Lee Surkowski (born October 26, 1925) is a former Canadian center fielder who played in the All-American Girls Professional Baseball League in parts of four seasons spanning 1945-1948. Listed at 5' 5", 128 lb., Surkowski batted and threw right handed. She also played under the name of Lee Delmonico.[1]

Born in Moose Jaw, Saskatchewan, Lee Surkowski was one of the 57 players born in Canada to join the All-American Girls Professional Baseball League in its twelve years history. An AAGPBL talent scout spotted Surkowski while playing softball in Canada and offered her a contract to play in the league without a previous tryout.[2][3]

Surkowski entered the league in 1944 with the South Bend Blue Sox, playing for them two and a half year before joining the Rockford Peaches during the 1946 midseason. Her older sister, Anne, also played in the league.[4][5]

Surkowski was the everyday center fielder for South Bend in her rookie season. Over 97 games, she batted a .212 average with a .288 on-base percentage and a .284 of slugging, while driving in 29 runs and scoring 32 times. She also tied for third in home runs (3) and for eighth in doubles (7), a pretty good performance considering it was a dominant pitching league.[6]

On defense, she committed only five errors in 159 fielding chances to lead all center fielders with a .969 fielding average. She also tied with Racine Belles' Claire Schillace for the most double play (4) at center field. During the regular season, she belted two homers against Kenosha Comets' Elise Harney in the same game. In an interview, Surkowski stated that it was her greatest achievement in a single game.[3][7]

In 1945, Surkowski posted a slash line (BA/OBP/SLG) of .209/.268/.264 with 42 runs and 34 RBI in 106 games, and finished ninth in triples (4) while tying for eighth in doubles (8).
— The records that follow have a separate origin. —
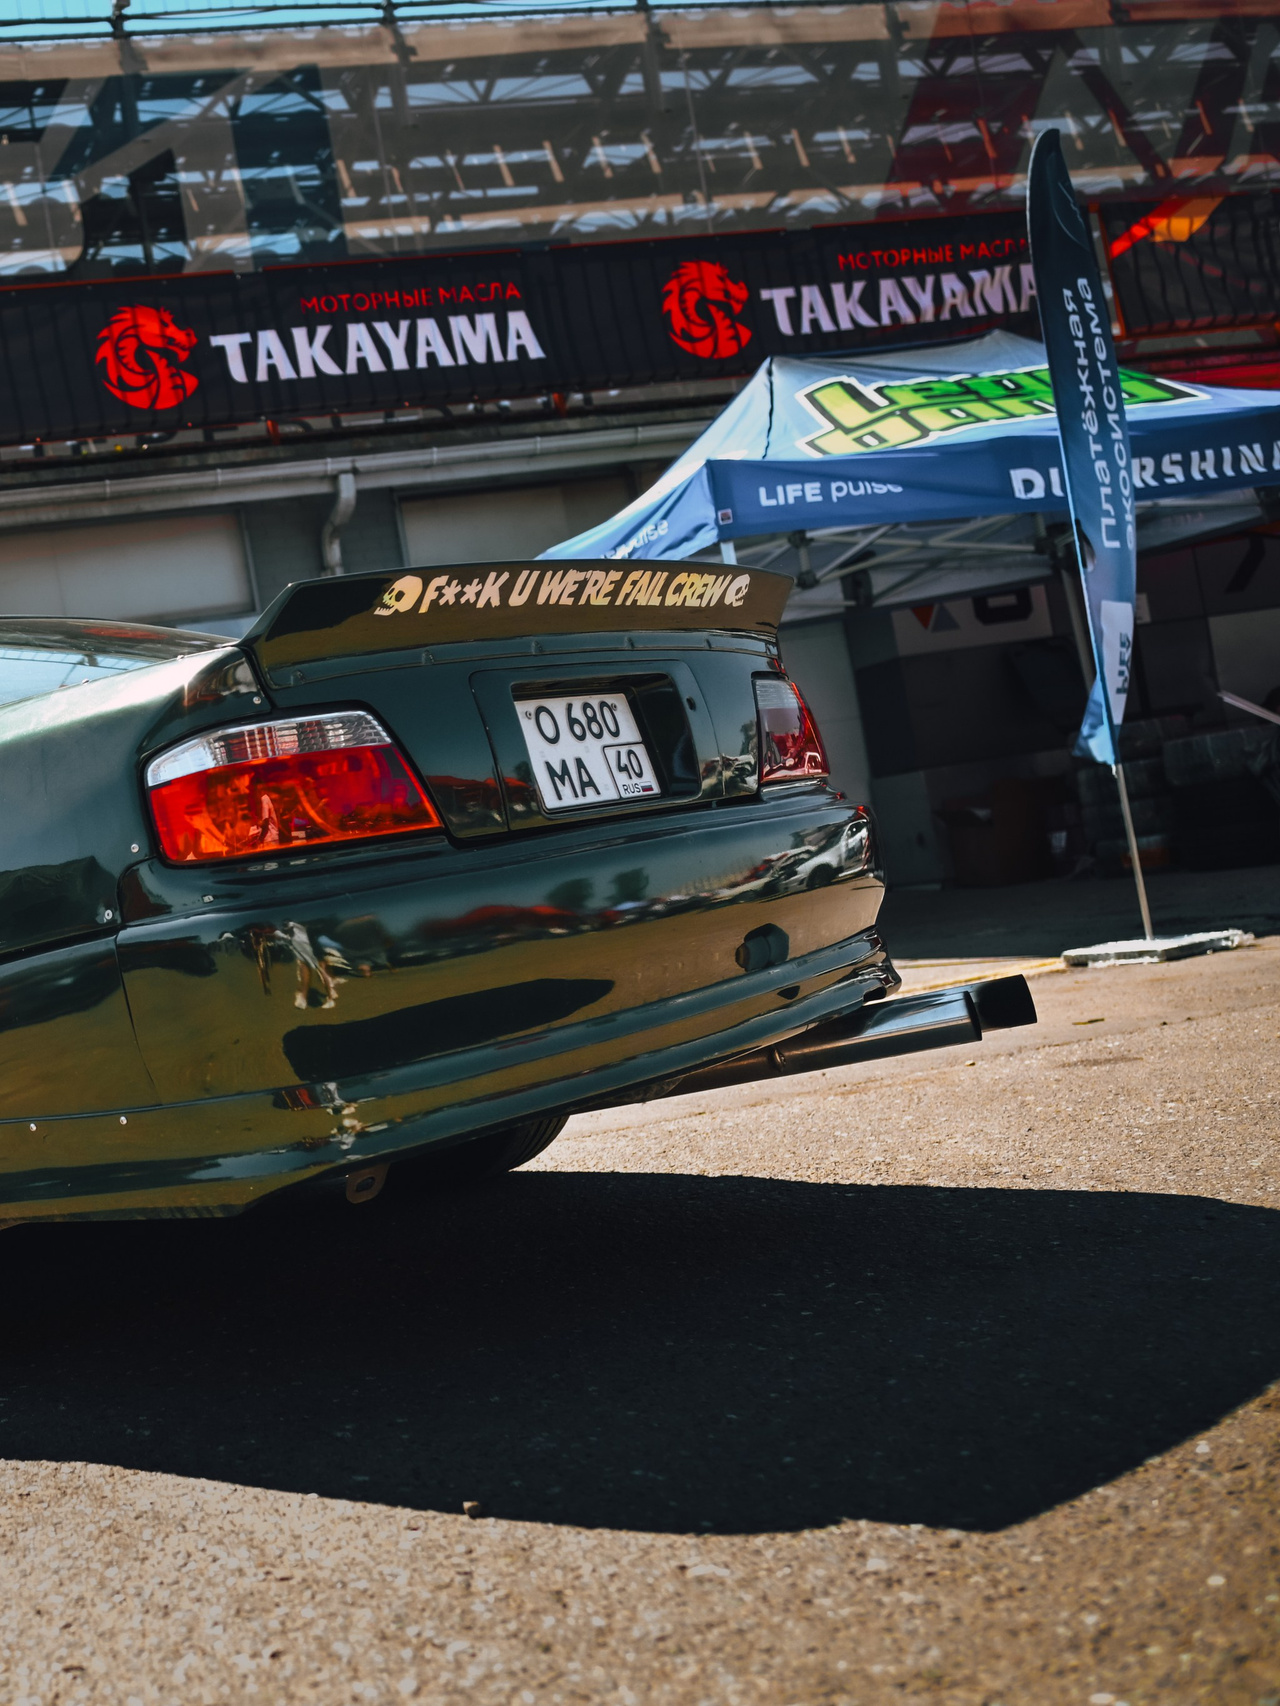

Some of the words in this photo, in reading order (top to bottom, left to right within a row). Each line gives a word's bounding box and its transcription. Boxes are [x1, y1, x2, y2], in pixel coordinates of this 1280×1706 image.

[837, 244, 955, 271] МОТОРНЫЕ
[300, 287, 434, 315] МОТОРНЫЕ
[438, 281, 522, 305] МАСЛА
[209, 309, 547, 384] TAKAYAMA
[1062, 287, 1121, 549] Платёжная
[1076, 277, 1135, 550] экосистема
[759, 481, 823, 507] LIFE
[509, 570, 541, 608] U
[536, 568, 623, 607] WE'RE
[616, 570, 672, 607] FAIL
[665, 572, 734, 608] CREW
[566, 700, 621, 741] 680
[616, 748, 644, 780] 40
[622, 783, 641, 795] RUS
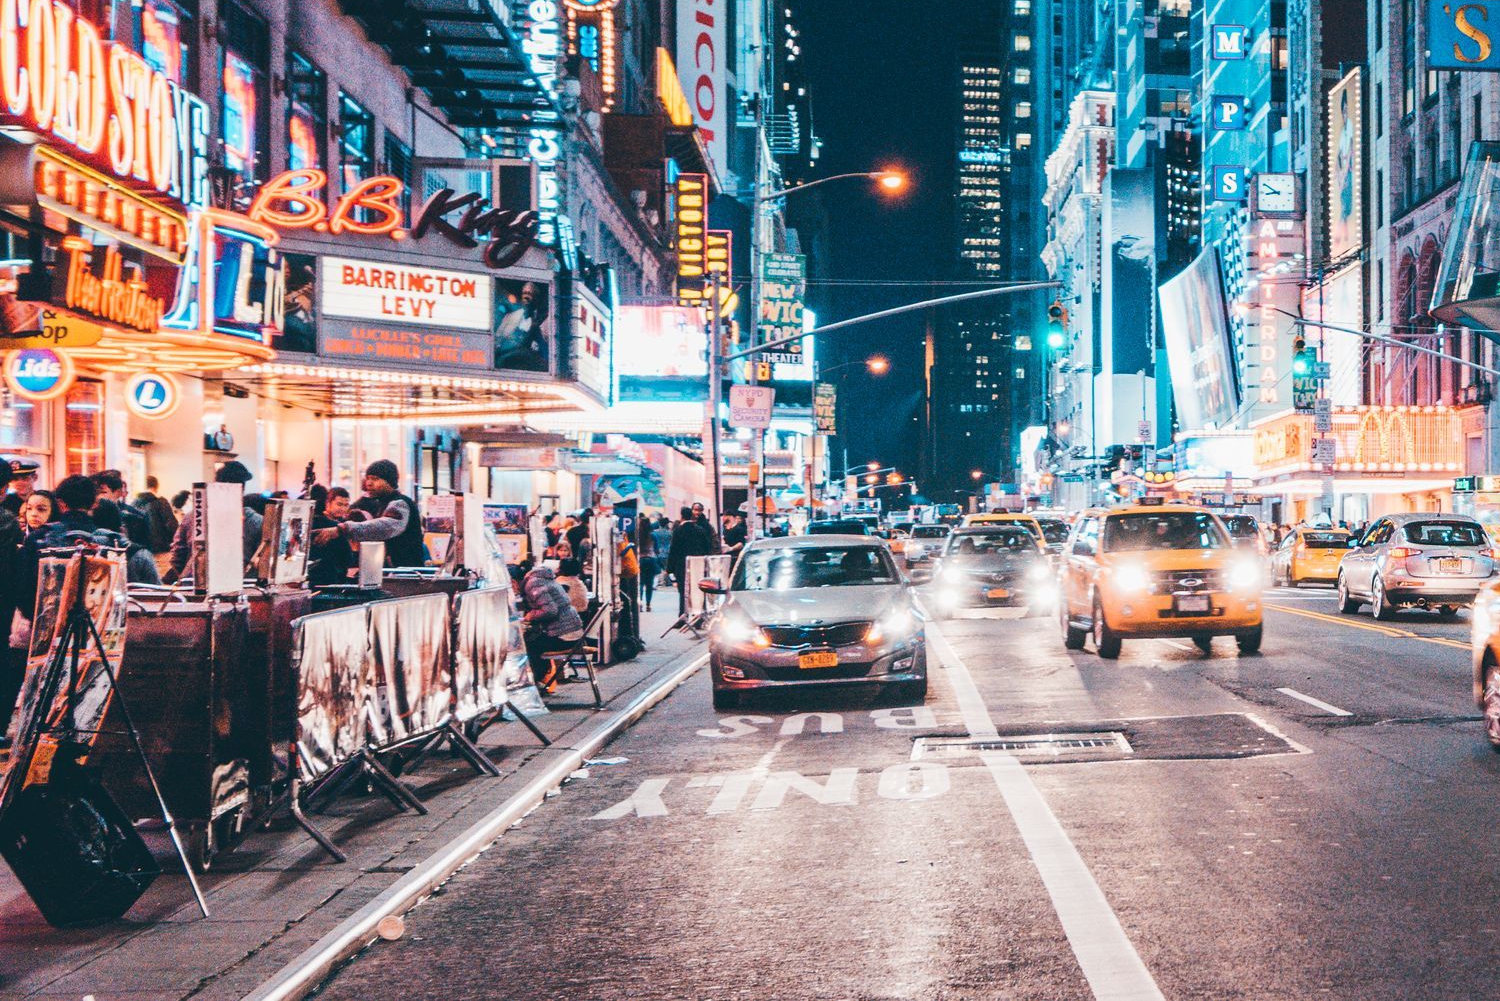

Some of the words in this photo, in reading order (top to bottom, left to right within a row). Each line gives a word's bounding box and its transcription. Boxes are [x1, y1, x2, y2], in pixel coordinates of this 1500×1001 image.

[108, 43, 210, 211] STONE
[411, 187, 538, 270] King
[678, 178, 703, 277] VICTORY
[342, 264, 476, 298] BARRINGTON
[763, 283, 796, 299] NEW
[381, 294, 436, 319] LEVY
[1259, 220, 1279, 404] AMSTERDAM
[11, 358, 62, 378] Lids
[762, 351, 804, 365] THEATER
[696, 705, 938, 739] BUS
[587, 761, 952, 820] ONLY
In 1946 she hit a combined .200 average for South Bend and Rockford in 82 games, helping the Peaches reach the postseason.[7]

Surkowski did not play in 1947 due to family reasons, but returned the next year with the Fort Wayne Daisies for her last season. She played all outfield positions, batting .186 in just 63 games, and returned for the postseason.[5][7]

She married Alphonso Delmonico, which limited her play on the field. She then moved in 1957 to California, where she raised three children: Barry, Randy and Teri Lee. Lee became an US citizen in 1970.[3][5]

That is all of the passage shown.